Abstract

Introduction: Coronary artery aneurysm (CAA) is a vessel dilation exceeding 1.5 times adjacent normal segments. We present a case of massive right coronary artery (RCA) aneurysm complicated by ST elevation (STE) myocardial infarction. Case Summary: An 87-year-old female with no significant medical history presented with chest pain. Vitals signs and physical exam were normal. A 12 lead EKG demonstrated STE in inferior leads. Coronary angiography revealed a large aneurysm of the RCA throughout its course (max diameter 20 mm) with TIMI I flow. In the mid RCA, there was a long filling defect with irregular borders consistent with a congealed, organized layered thrombus causing 90% stenosis.
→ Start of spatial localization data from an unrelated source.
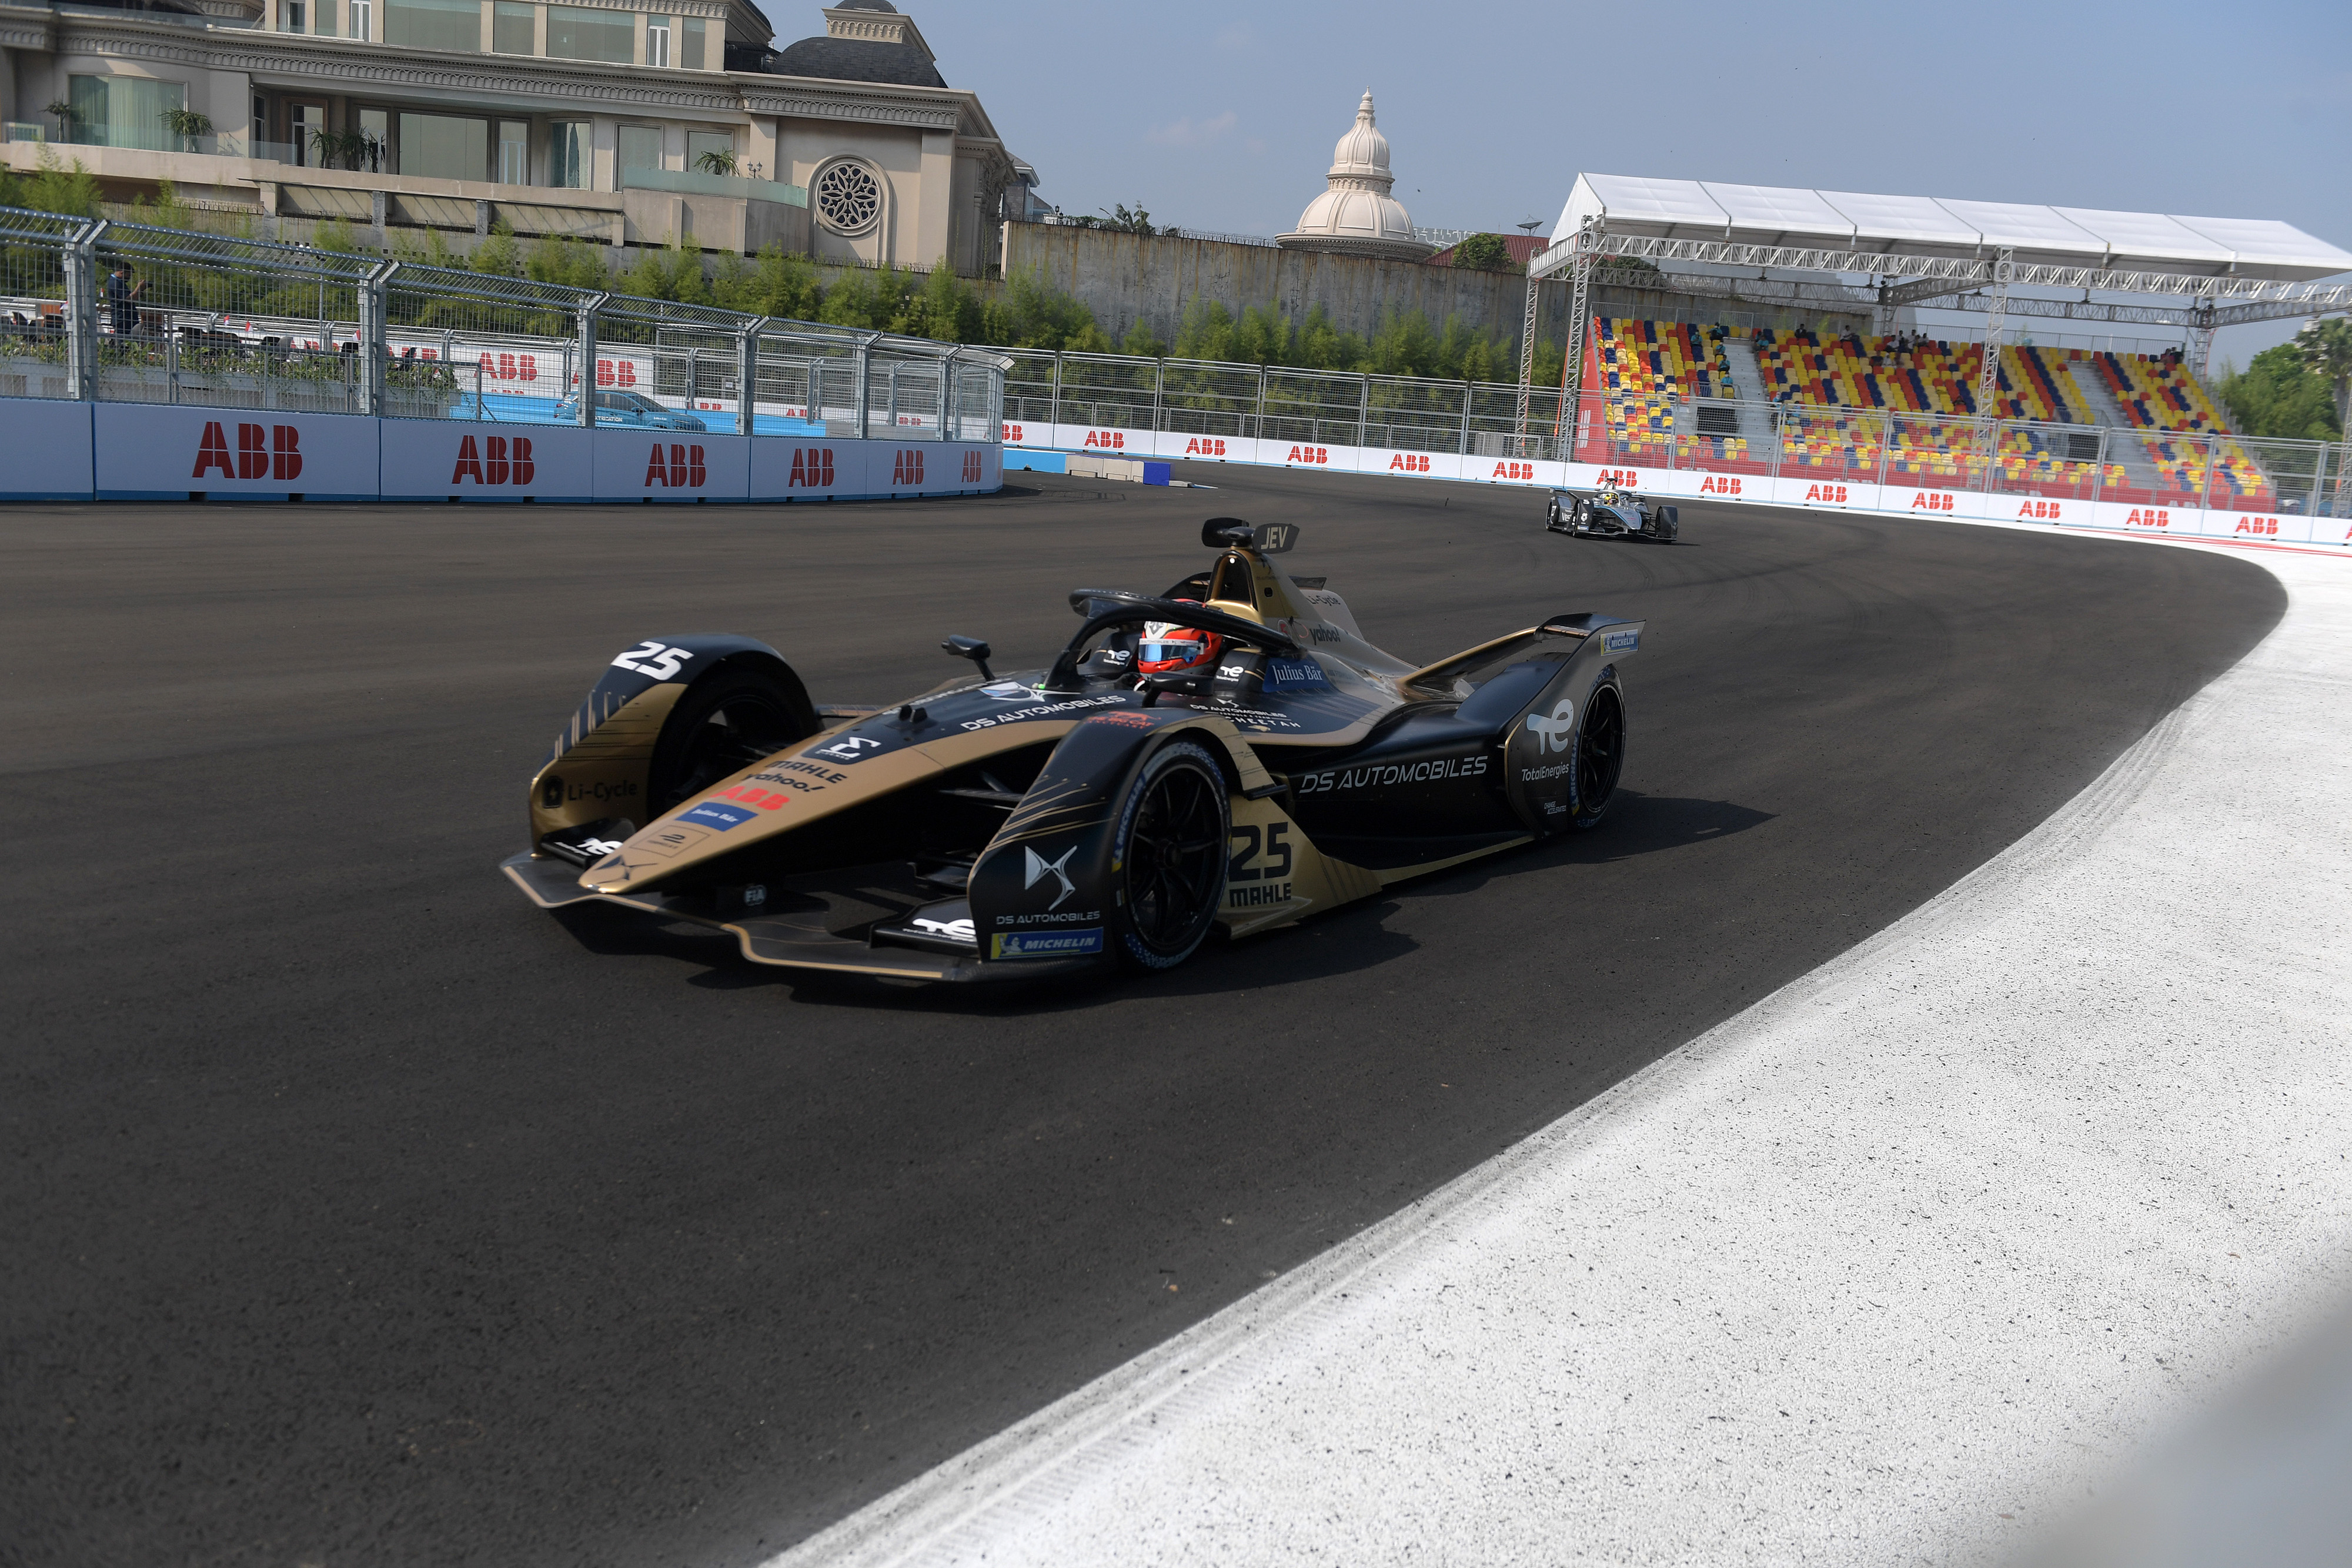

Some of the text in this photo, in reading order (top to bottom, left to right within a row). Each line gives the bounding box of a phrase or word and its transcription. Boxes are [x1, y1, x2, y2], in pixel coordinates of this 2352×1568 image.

[474, 352, 537, 381] ABB
[572, 360, 636, 387] BB
[1002, 424, 1023, 441] BB
[1085, 431, 1124, 449] ABB
[193, 422, 302, 480] ABB
[1187, 438, 1226, 456] ABB
[1288, 446, 1328, 464] ABB
[453, 436, 534, 485] ABB
[646, 444, 706, 487] ABB
[789, 449, 834, 487] ABB
[893, 450, 924, 485] ABB
[962, 450, 981, 483] ABB
[1390, 454, 1430, 472] ABB
[1493, 462, 1533, 480] ABB
[1596, 469, 1638, 487] ABB
[1700, 476, 1742, 494] ABB
[1806, 484, 1847, 502] ABB
[1912, 492, 1954, 510] ABB
[2019, 500, 2061, 519] ABB
[2127, 509, 2169, 527] ABB
[2236, 516, 2278, 534] ABB
[1261, 526, 1288, 550] JEV
[1307, 595, 1341, 606] Li-Cycle
[1309, 624, 1341, 646] yahoo!
[1611, 637, 1635, 647] MICHELIN
[610, 641, 694, 681] 25
[1272, 665, 1304, 684] Julius
[1304, 665, 1322, 681] Bär
[960, 717, 996, 731] DS
[997, 695, 1127, 724] AUTOMOBILES
[1210, 706, 1287, 718] AUTOMOBILES
[766, 760, 848, 784] MAHLE
[1299, 755, 1488, 794] DS AUTOMOBILES
[1522, 762, 1569, 781] TotalEnergies
[568, 780, 637, 801] Li-Cycle
[741, 773, 826, 793] yahoo!
[709, 785, 790, 811] ABB
[1228, 821, 1292, 882] 25
[1229, 882, 1292, 907] MAHLE
[996, 911, 1100, 925] DS AUTOMOBILES
[1024, 937, 1095, 950] MICHELIN
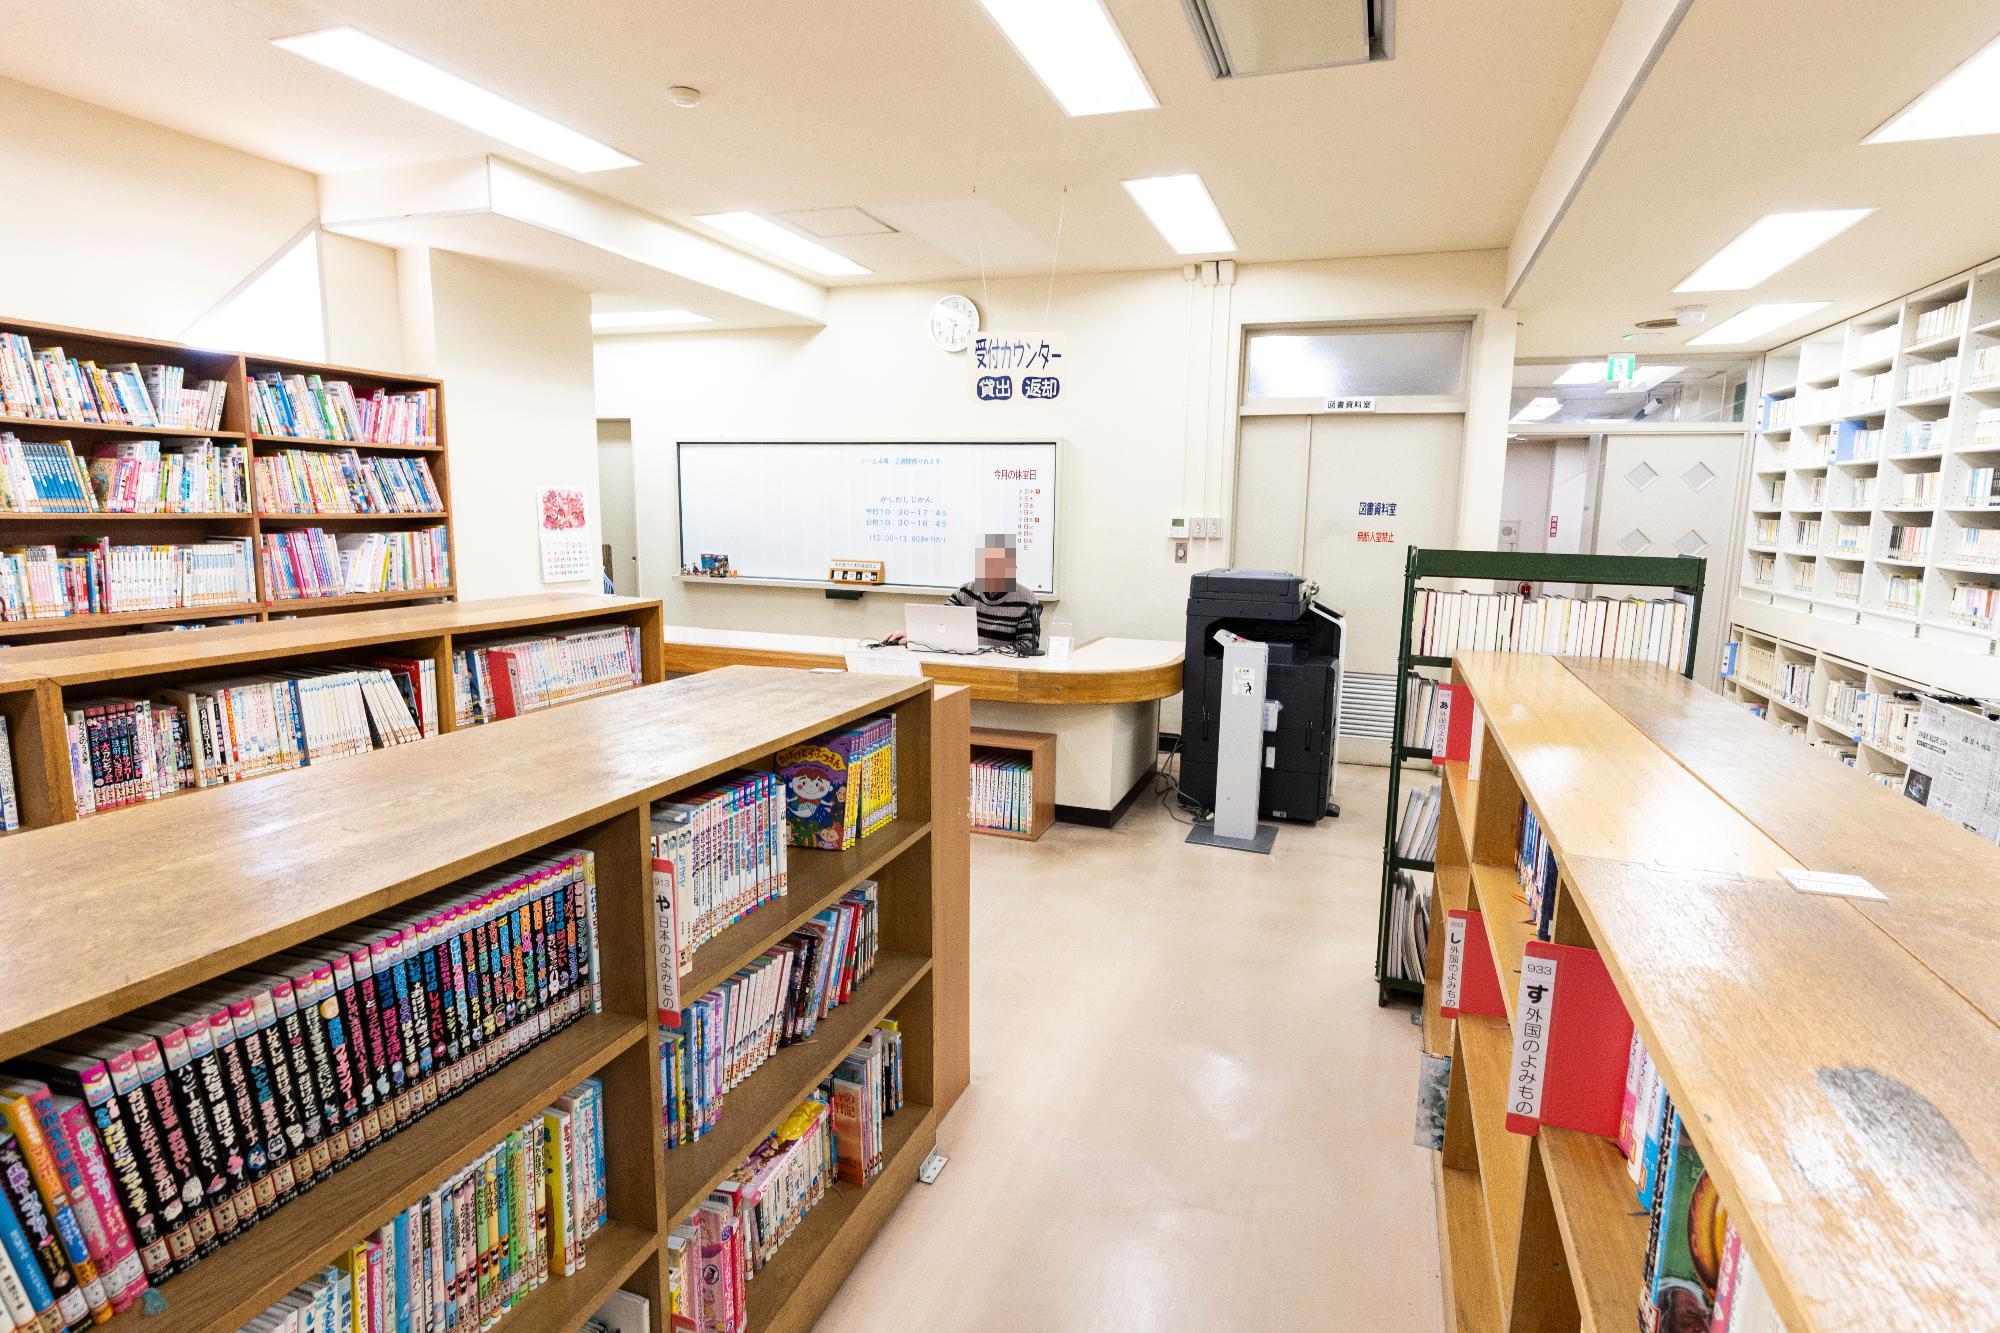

Percutaneous coronary intervention (PCI) was not pursued due severe aneurysmal dilation and risk for embolization. The proximal to mid left anterior descending artery (LAD) and abdominal aorta were also aneurysmal. The patient was deemed not to be a surgical candidate after a heart team discussion (STS risk of morbidity or mortality = 12.6%). Left ventricular ejection fraction was 60%. Chest pain resolved and patient was discharged on indefinite anticoagulation and antiplatelet therapy. Discussion: Giant CAAs are rare, with an incidence of 0.02%. Causes include atherosclerosis, Takayasu arteritis, Kawasaki disease, or congenital defects. Although mostly incidental, CAA can be complicated by thrombosis, embolization, fistulation, rupture, arrhythmia, or sudden death. Our patient had an acute RCA thrombus due to stasis and turbulent blood flow in the aneurysm. Localized CAA are treated with surgery or percutaneous coiling or stenting. However, PCI was not feasible in our patient due to risk of embolization and difficultly with stent apposition in the setting of a diffuse, giant-sized aneurysm. Conclusion: CAAs are rare but may cause grave complications. A heart team discussion is essential to guide appropriate medical, percutaneous, or surgical treatment based on vessel anatomy.